Parts of this message were picked up by key members of the government as well. For example, Khawaja Asif, the defence minister, spoke of the trials reaching their logical conclusion, while the prime minister also promised a similar commitment.

However, the DG, as well as some members of the cabinet, mentioned dialogue with the PTI and its importance. The former pointed out that a dialogue can only take place among political forces as it was not appropriate for the military to be involved, according to a story in this paper. Since then, Rana Sanaullah has spoken of a grand dialogue, as did Bilawal Bhutto-Zardari who emphasised the need for parties to talk to each other.

The past year has turned matters into a confrontation between the state and the people.

It would require courage far more than I possess to comment on the DG ISPRs statement but little bravery is required to dissect whatever the politicians are uttering. So here goes.

While it seems the statements emanating from the government side were harsh (as was the reaction from the PTI), they were also not very clear. To promise strict accountability, along with occasional hints about a crackdown on the PTI, and then asking the party to also talk to its political opponents in the larger context is a bit of a mixed message.

For instance, had a similar message come last year in the aftermath of May 9, the PTI would perhaps have responded with eagerness. But after a year-long crackdown, which the party survived (it also contested and won an election) this offer may be a case of too little, too late.

And this is not simply because of its stubborn leader; there are two other factors to consider here: the partys workers are now in an aggressive mood but also the broad-based nature of the crackdown in KP and Punjab means that beyond power politics, the past year has turned matters into a confrontation between the state and the people.

It is a point hard to explain or argue over and over again for its simply earned me the title of being a PTI apologist in the past year or so. But this old thought comes to mind when I come across Wusutullah Khans sound bite: he narrates what the rickshaw wallah said to him as he travelled to the airport after attending the Asma Jahangir Conference in Lahore.

The clip is easy to find online for those who have mastered the art of using VPN. Hence, there is little need to narrate his experience; suffice it to say that in the past six months, at least two other visitors to Lahore who hired cars or cabs recounted the same story. Or take the kind of reception Mahrang Baloch got at the conference. It wasnt just about the ovation that she received when she spoke but also the dozens who kept coming up to her to get pictures taken with her. There is a sense of shared experience when a young Lahori man comes up to this Baloch woman and speaks of his sister who is a huge fan of Mahrang.

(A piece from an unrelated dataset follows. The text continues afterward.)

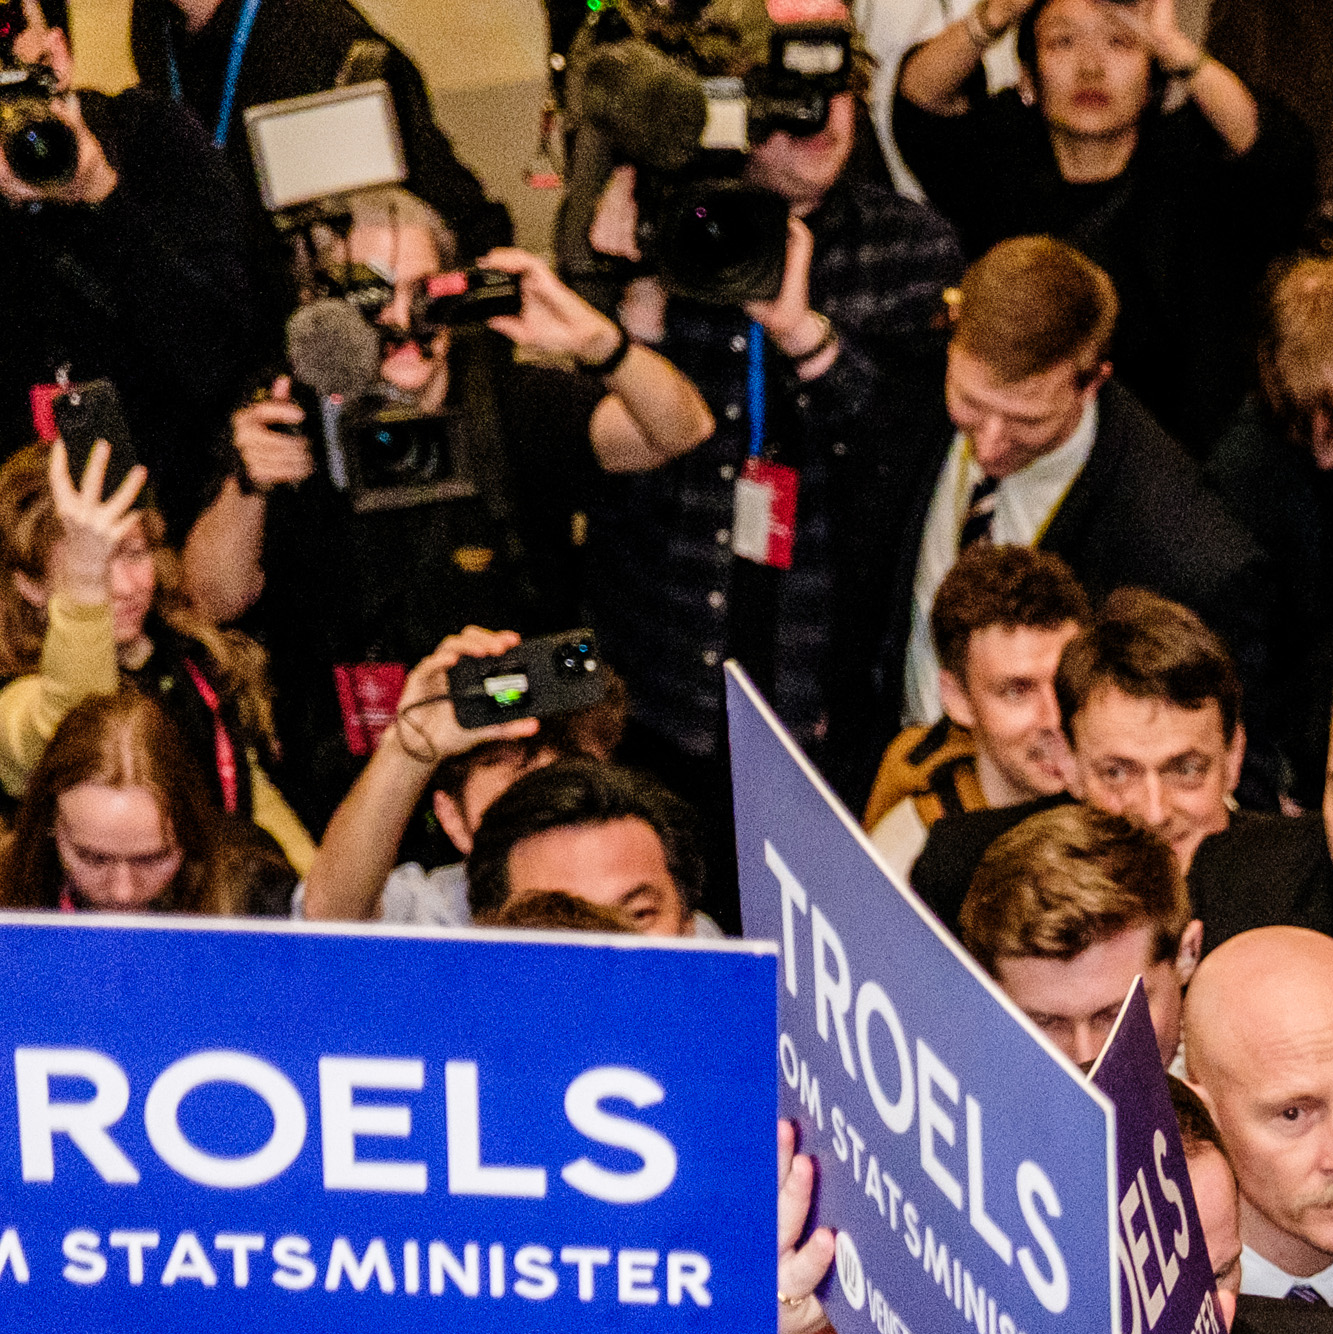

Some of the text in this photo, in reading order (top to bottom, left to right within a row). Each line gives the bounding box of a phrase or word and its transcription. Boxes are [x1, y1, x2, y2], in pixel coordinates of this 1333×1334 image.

[764, 838, 1071, 1315] TROELS
[778, 1032, 824, 1131] OM
[62, 1229, 713, 1307] STATSMINISTER

It is this gap that needs to be bridged, especially in the wake of a controversial election and the formation of a government seen to enjoy little legitimacy. And by this I mean the gap between the ordinary people, who have suffered due to a year-long crackdown on a party, and the state.

Has the process already begun? Will it help if some of the incarcerated are released? Or for the trials to be expedited? Or would it mean the PTI has to be given some relief, despite May 9? This is for the big brains running this government. A journalist is a journalist because it is easy to point out the problems without getting into the nitty-gritty of policymaking.

This may prove necessary because it is not enough to get the PTI into parliament and talking to other parties without also appeasing public opinion if the people continue to be angry, they might just dump the PTI and find more radical options.

This is not simply an abstract suggestion from a bleeding-heart liberal another label increasingly being thrown my way. Though as an aside, it is well worth pointing out a confrontational situation between the people and the state is not going to allow for a coherent and effective response to the militancy problem, which is not simply festering but growing.

The economy needs work, lots of work in the form of reform. But these reforms, despite what most suggest, are not technical decisions. They are inherently political. And among other factors, no unpopular government that is staring down a popular opposition is going to own difficult decisions such as taxing the traders or privatising SOEs. For both will carry the risk of further alienating yet another section of society. This may prove as true of the government as the establishment. And the latter will also have to consider the implications of similarly difficult decisions such as a tax on real estate.

Mere talks in themselves will not prove enough. There will have to be concrete actions along the way too if some of the more difficult decisions are to be owned and carried out. And for this, it is not enough for the parties to cooperate in parliament; if it was, the extension given to Gen Qamar Bajwa would not be an orphan today.